- _DATA FOR REVIEW_:
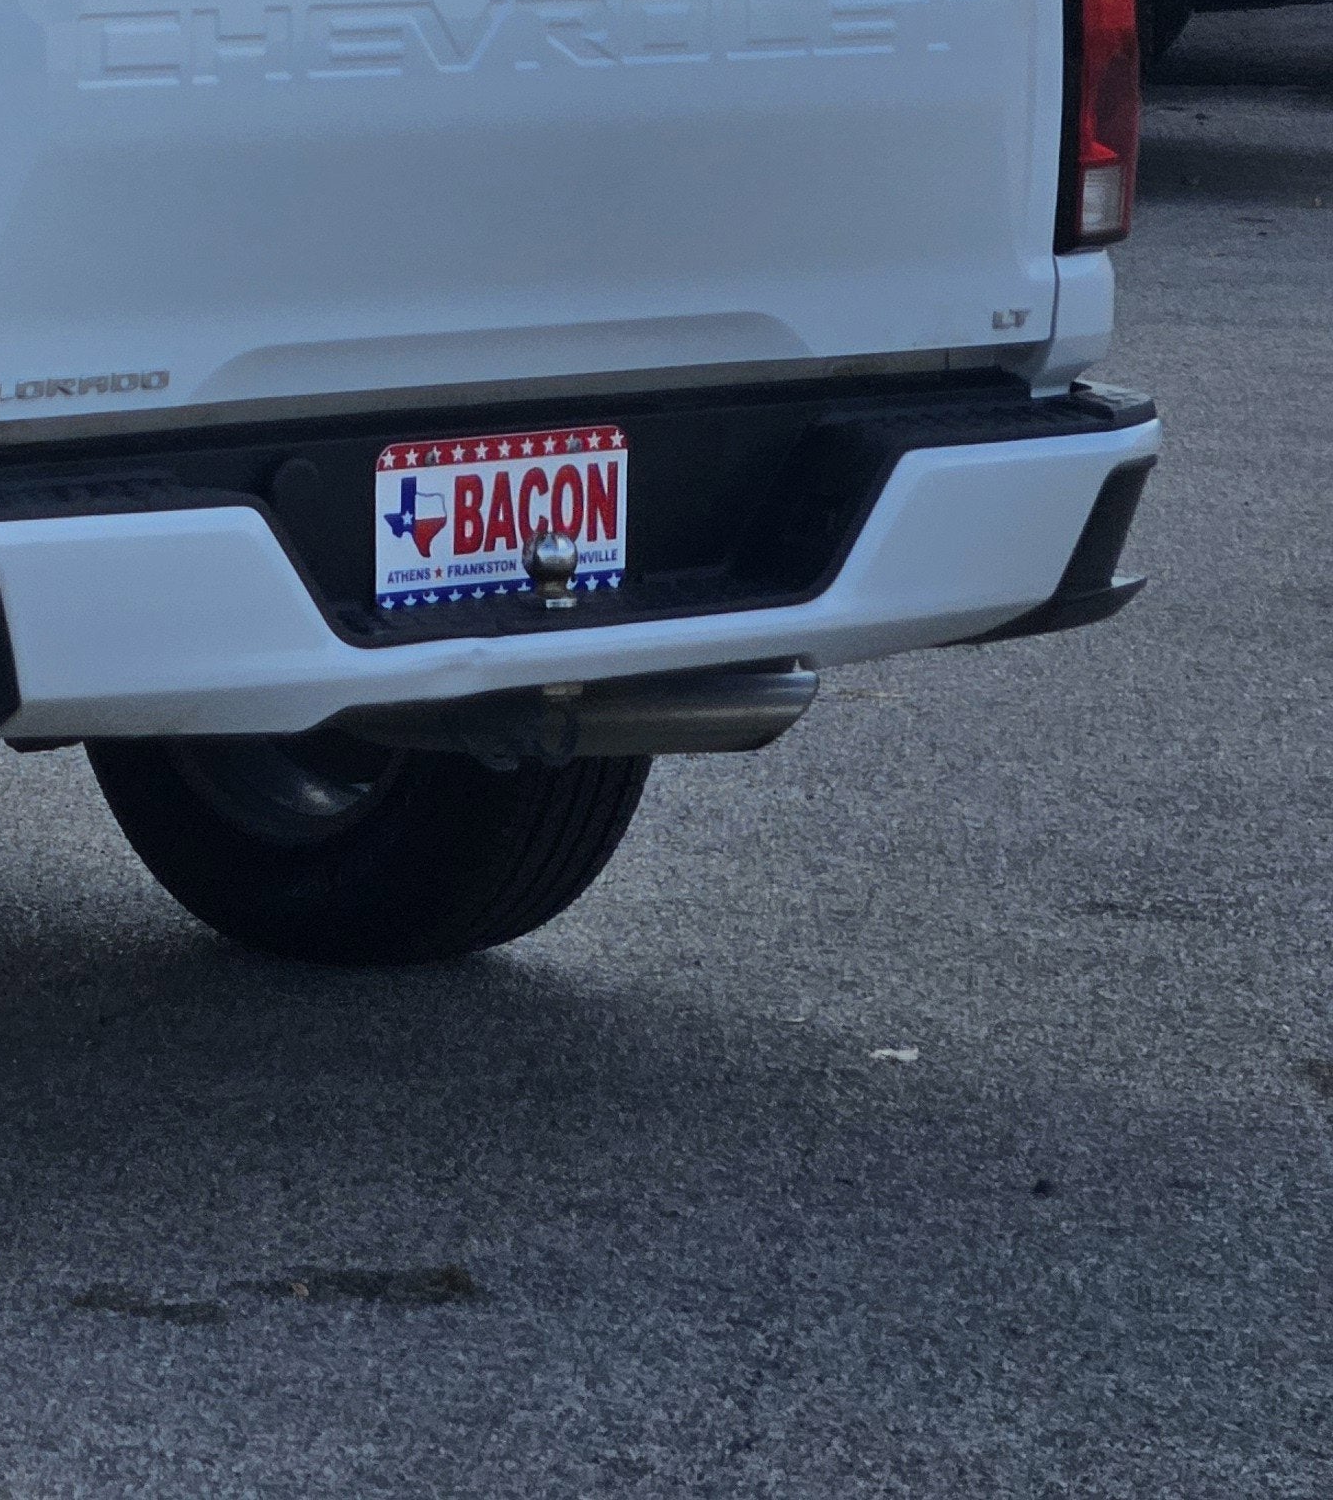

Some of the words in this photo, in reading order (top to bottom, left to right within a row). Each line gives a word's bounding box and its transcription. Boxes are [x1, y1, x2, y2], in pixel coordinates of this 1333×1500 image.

[992, 308, 1031, 330] LT
[453, 461, 619, 556] BACON
[387, 567, 432, 585] ATHENS
[447, 559, 517, 578] FRANKSTON

- _WHAT TO PRODUCE_:
Could you return the whole listing exactly, images excluded?

- _OUTPUT OF THE TASK_:
Some of the words in this photo, in reading order (top to bottom, left to right within a row). Each line gives a word's bounding box and its transcription. Boxes are [x1, y1, x2, y2], in pixel coordinates of this 1333×1500 image.

[992, 308, 1031, 330] LT
[453, 461, 619, 556] BACON
[387, 567, 432, 585] ATHENS
[447, 559, 517, 578] FRANKSTON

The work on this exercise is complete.